Any images in the records should be skipped; transcribe the rest exactly.

****************************************

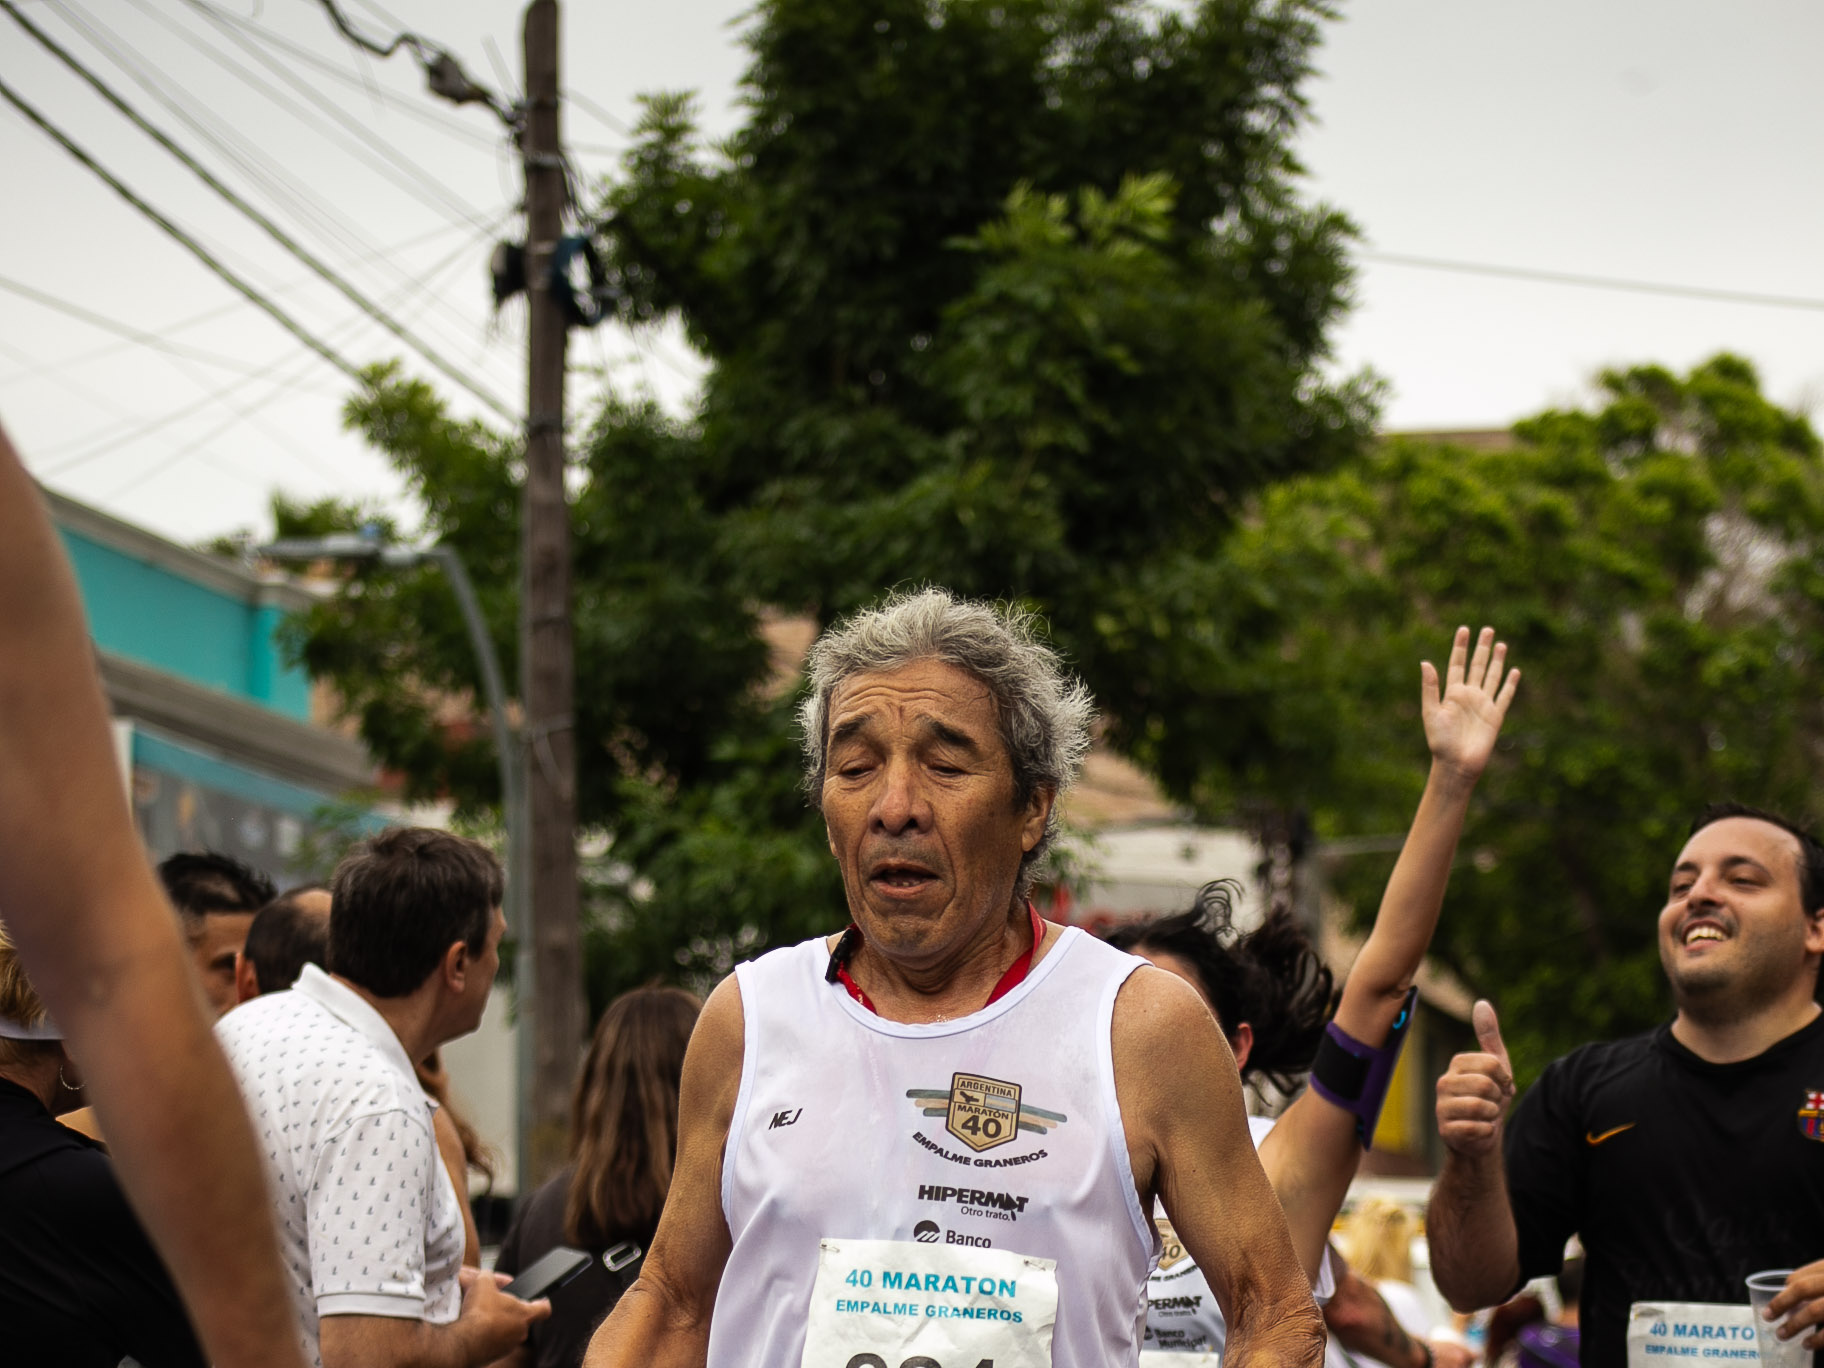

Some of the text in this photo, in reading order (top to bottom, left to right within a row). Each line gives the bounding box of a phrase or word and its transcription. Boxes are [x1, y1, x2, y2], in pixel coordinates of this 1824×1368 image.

[960, 1080, 1013, 1098] ARGENTINA
[768, 1108, 803, 1130] NEJ
[957, 1104, 1010, 1120] MARATÓN
[961, 1114, 1002, 1139] 40
[912, 1131, 1049, 1168] EMPALME GRANEROS
[960, 1205, 984, 1217] Otro
[945, 1229, 992, 1249] Banco
[845, 1268, 1017, 1298] 40 MARATON
[836, 1299, 1023, 1323] EMPALME GRANEROS
[1650, 1322, 1755, 1341] 40 MARATO
[1645, 1344, 1760, 1360] EMPALME GRANER

****************************************

Finished exercise =>
Some of the text in this photo, in reading order (top to bottom, left to right within a row). Each line gives the bounding box of a phrase or word and its transcription. Boxes are [x1, y1, x2, y2], in pixel coordinates of this 1824×1368 image.

[960, 1080, 1013, 1098] ARGENTINA
[768, 1108, 803, 1130] NEJ
[957, 1104, 1010, 1120] MARATÓN
[961, 1114, 1002, 1139] 40
[912, 1131, 1049, 1168] EMPALME GRANEROS
[960, 1205, 984, 1217] Otro
[945, 1229, 992, 1249] Banco
[845, 1268, 1017, 1298] 40 MARATON
[836, 1299, 1023, 1323] EMPALME GRANEROS
[1650, 1322, 1755, 1341] 40 MARATO
[1645, 1344, 1760, 1360] EMPALME GRANER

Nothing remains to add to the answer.